I think it all comes down to, I think we all should take basic precautions and make sound judgement calls when given the opportunity to REDUCE THE CHANCES of becoming a victim of ALL crime, not just rape.
And your post was not to long to read by any means, this is the reason I posted in the first place on this message board. I wanted to have a discussion about this topic because I felt my views on the matter weren't widely shared.
I just want to say again, that I am not blaming someone for being a victim. Only, I would like all of us to think about our actions, and potential consequences of those actions, to POSSIBLY reduce the chances of becoming a victim in the first place.
I have a question, what if your girlfriend, being walked to her car by a security guard, was raped by the very security guard she relied on for safety? Would it be her fault, for trusting a security guard that she assumed had her back? I ask this, because I think the 16 year old girl in the story was with people that she assumed would have her back.
I'm with M2C...your up against the evil man-logic...usually fades with having kids. The viewpoints will always be measured in black and white and from (usually) one perspective defended with passion (alpha male stuff). There will at best be apparent concessions but not a change. I have been amazed by the responses of women to this story...open, passionate and at times braving the vulnerable. I have been embarrassed by many male comments (being a man myself) and their lack of empathy, humanity and honour (JCL in particular). We were speaking earlier about people sometimes needing to fall on their ass to get sorted and I suspect that will be the case for the unintentionally ignorant in this thread. I'm off for a few days to my little bach (beach house of sorts) by the sea to fish and contemplate life in general. I hope you all have something bright and rewarding happen in the next few days. I also hope Bhoebe has some quality time with her cat and a number of you can stare at your grey hair and all it represents with pride. Goodnight, Kia Ora.
Oh so very well done!!!!!! *Clapping* :) Thank you so much for explaining that to him albeit he has been told this many times by many posters so maybe if he sees all of it in one place together he will get it! Although I'm guessing he will not.He's not playing with a full deck of cards.His one track mind has been enlightened and he still doesn't get it...Thank you again. xoxox
Yes, my sweet and lovely Joyful Girl. Brains + beauty + similar life philosophy = place in my bed. *grabs Joyful Girl's hand and starts walking backwards toward the bedroom*
You are so welcome, myDEAR2cents. :)
Women need to know that regardless of their circumstances, people (especially other women) support them and understand that they had nothing at all to do with such awful, needless violence against them.

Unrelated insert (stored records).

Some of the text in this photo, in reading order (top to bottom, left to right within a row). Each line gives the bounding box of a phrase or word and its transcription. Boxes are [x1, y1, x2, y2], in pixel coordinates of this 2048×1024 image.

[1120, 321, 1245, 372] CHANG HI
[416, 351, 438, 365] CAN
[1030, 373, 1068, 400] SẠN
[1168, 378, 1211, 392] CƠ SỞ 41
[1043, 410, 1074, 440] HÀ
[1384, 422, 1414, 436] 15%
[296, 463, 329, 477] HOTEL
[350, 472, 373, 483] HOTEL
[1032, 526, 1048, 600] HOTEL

I will do everything I can to support my sisters. In fact, I encourage you all to visit Women for Women International at www.womenforwomen.org to support their efforts to provide women survivors of military, domestic, and sexual abuse internationally with skills to support themselves and rebuild their lives; and/or www.rainn.org to support victims of rape, abuse, and incest here at home. RAINN is also ranked as one of America's best charities by Bloomberg's Worth magazine. Both reputable and important ways to be strong, be heard, make a difference, and fight back. :)
And 2cents, you don't have to thank me. I would think my reaction should be the general reaction for a rape victim. It comes natural. So I can't take credit for it. It just is how I feel, and I can't tolerate anything less from someone. Even if I have no choice but to tolerate it, I am gonna raise hell while I do.

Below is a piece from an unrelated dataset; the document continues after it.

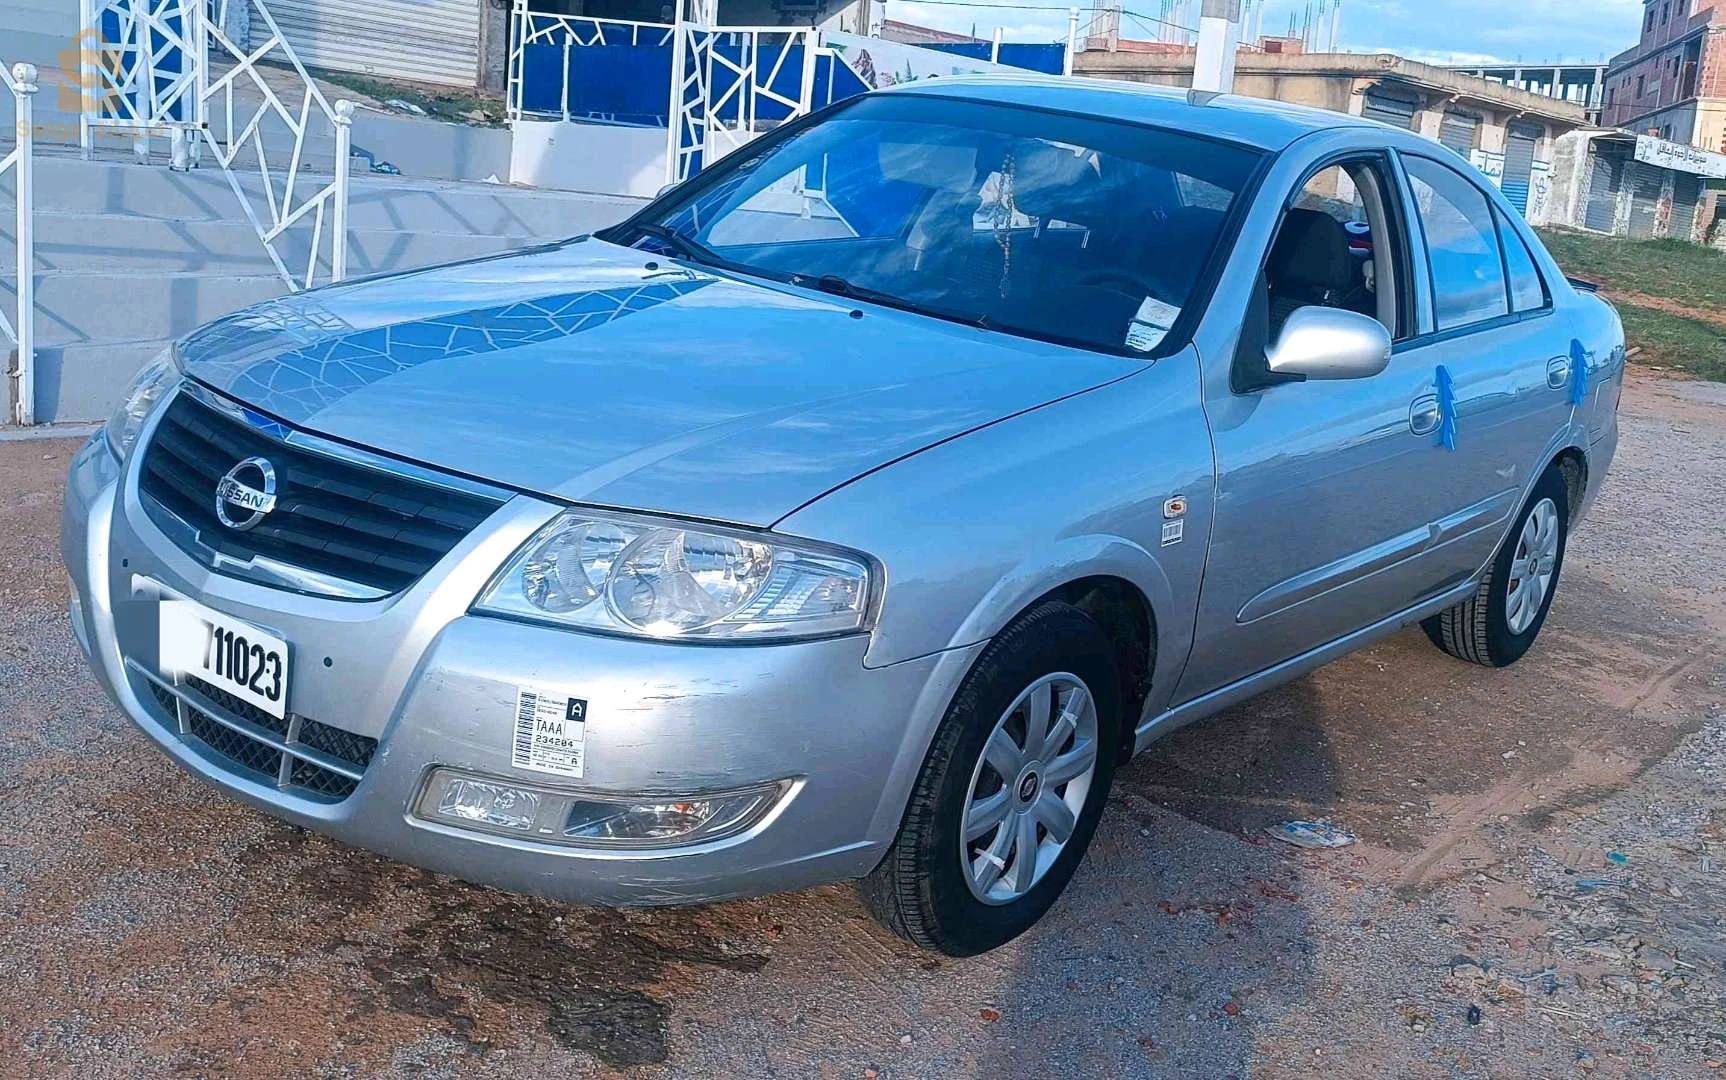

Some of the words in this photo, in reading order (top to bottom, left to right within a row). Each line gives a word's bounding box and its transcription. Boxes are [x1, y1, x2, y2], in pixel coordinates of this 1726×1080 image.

[218, 478, 265, 508] NISSAN
[572, 702, 583, 717] A
[536, 718, 562, 736] TAAA

Posted by kiwi:"The problem is with the offenders, not the victims...ever. Attempting to find a solution by changing the problem is an absurdity."
Of course the problem is the offenders, this is obvious, but guess what.

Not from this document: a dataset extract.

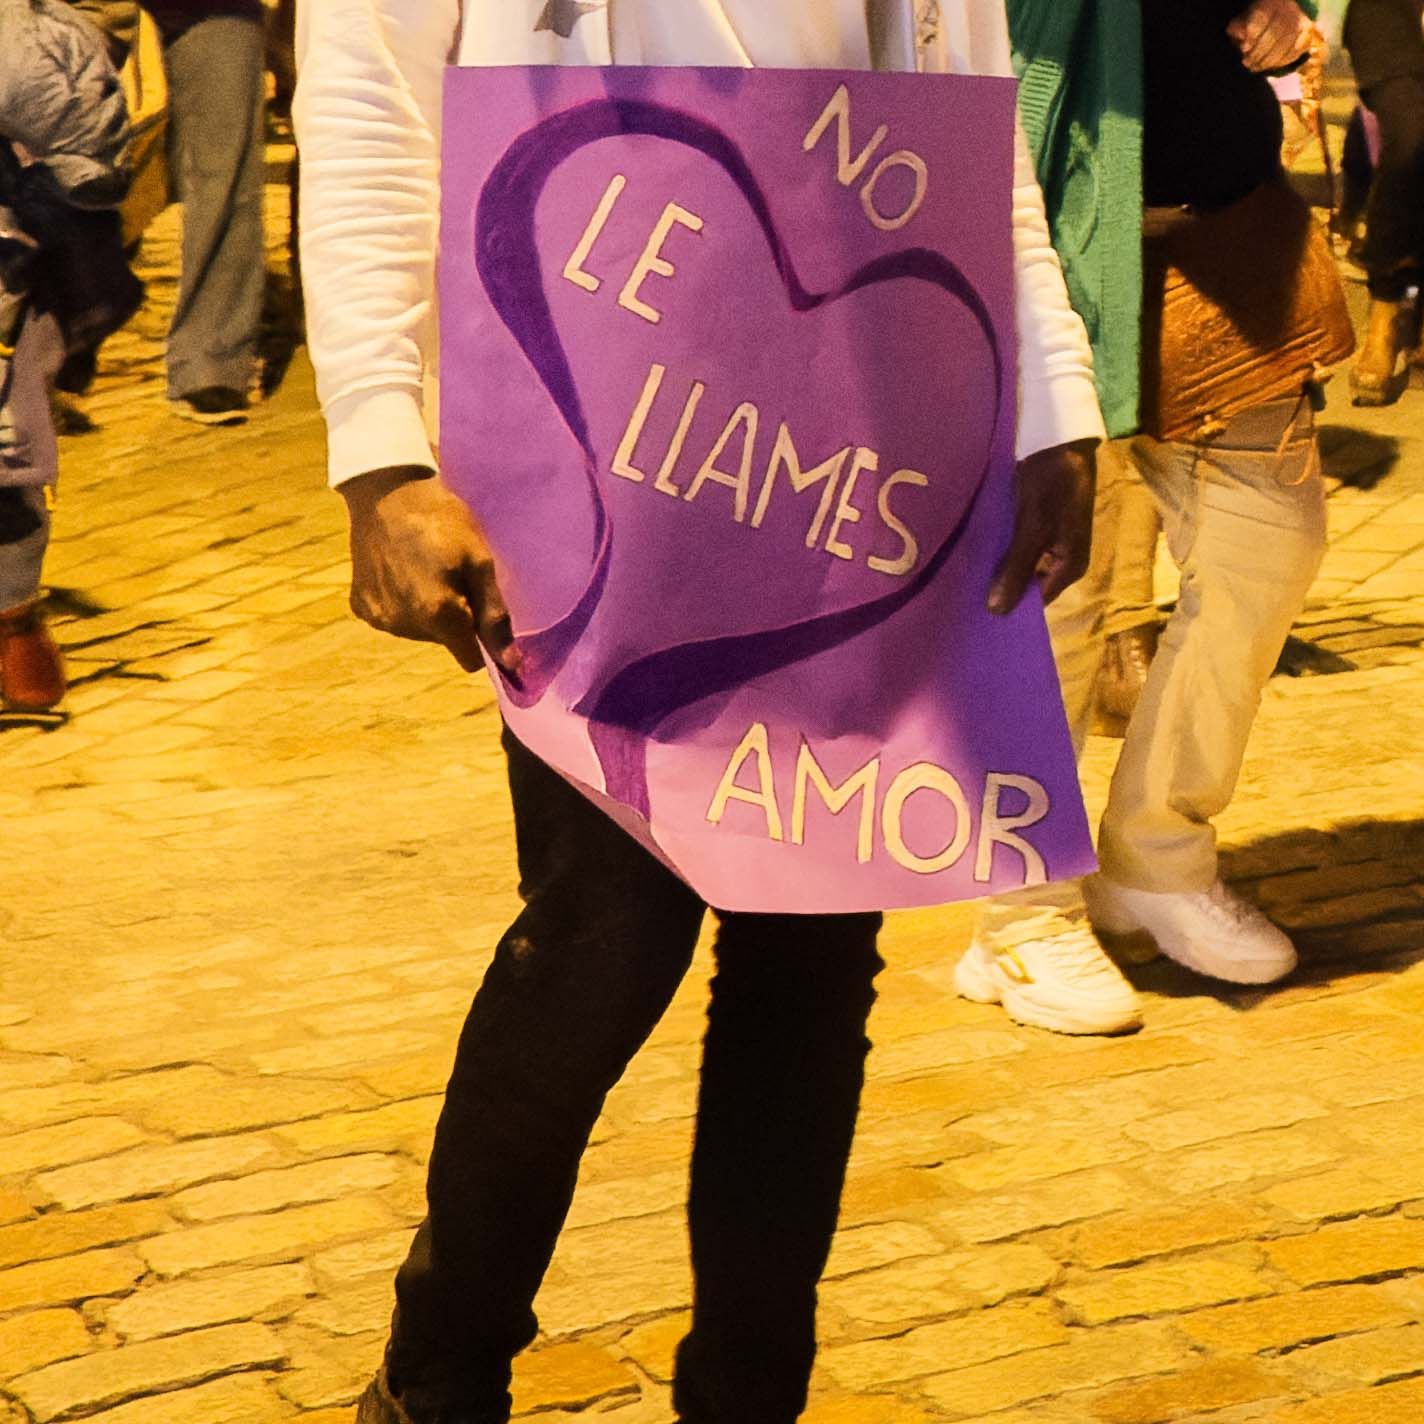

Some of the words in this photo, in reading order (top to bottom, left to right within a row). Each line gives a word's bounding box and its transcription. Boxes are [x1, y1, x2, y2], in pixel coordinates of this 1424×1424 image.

[802, 83, 930, 233] NO
[561, 173, 705, 325] LE
[608, 363, 930, 578] LLAMES
[705, 720, 1055, 887] AMOR

CRIMINALS AREN'T GOING ANYWHERE
There will always be people who commit crimes. If your waiting for a day when the world is free of crime...good luck with that.
So, because the world will always have people who have no problem committing crimes such as rape, and there really isn't anything we can do about that, until they make themselves known, and we throw them in prison where they belong.
We have NO CONTROL over them. I read an article saying that most rape victims are assaulted by someone they know. I'm sure most people don't think the people they know are capable of rape, you never know what's going on inside someones head.
This is why we have to make sound judgement calls, and try to avoid bad situations when they occur. There are many sickos who will jump on you given the chance.
Some will attack you even when you are at your safest, there's nothing you can do then.
But if you put yourself in situations that can ENCOURAGE A CRIMINAL, someone who is looking for someone to attack, do not be surprised if he takes you up on your offer.
If I go to a bad neighborhood, walk around flashing lots of money, then someone robs and beats me at gunpoint.
They shouldn't have done that, no excuses, BUT I should have known better as well.
Common sense really.
Oh right, 16 year old girls make sound judgement calls all the time. *sigh*
You're arguement is weak and umoriginal.
@ See Thru Person...Replying to your reply to me. I barely read any of your posts on this thread to be perfectly honest with you. Once I saw you were standing so close to Johnny and his idea of fun, I just didn't read...For one I didn't know if you were "real" and for two I was already trying to debate one that was splashing shit all over the place. I don't need to take a break from reading because it "gets me upset."I feel very much like BooKat does. There are so many posters on this site, be it a regular, or a passer-by that share their rape stories. We have even talked on other threads about the lack of sympathy women get (the shameful eye) when they have been raped. Hence the fear to report. YES there are false rape claims and women that do that are just as much a part of the problem as those who spit venom at rape victims, (directly or indirectly) for that. That is exactly what Johhny did as far as I am concerned and I have never been raped, so I can only imagine how a woman who had been raped felt by reading that shit. I think Johnny would have been better off owning up to what he really felt instead of trying to do the phony damage clean up later. That is the thing with you, you have stuck to your opinion from the gate. I surely can't agree, but I can somewhat take you at face value. I disagree and that is that....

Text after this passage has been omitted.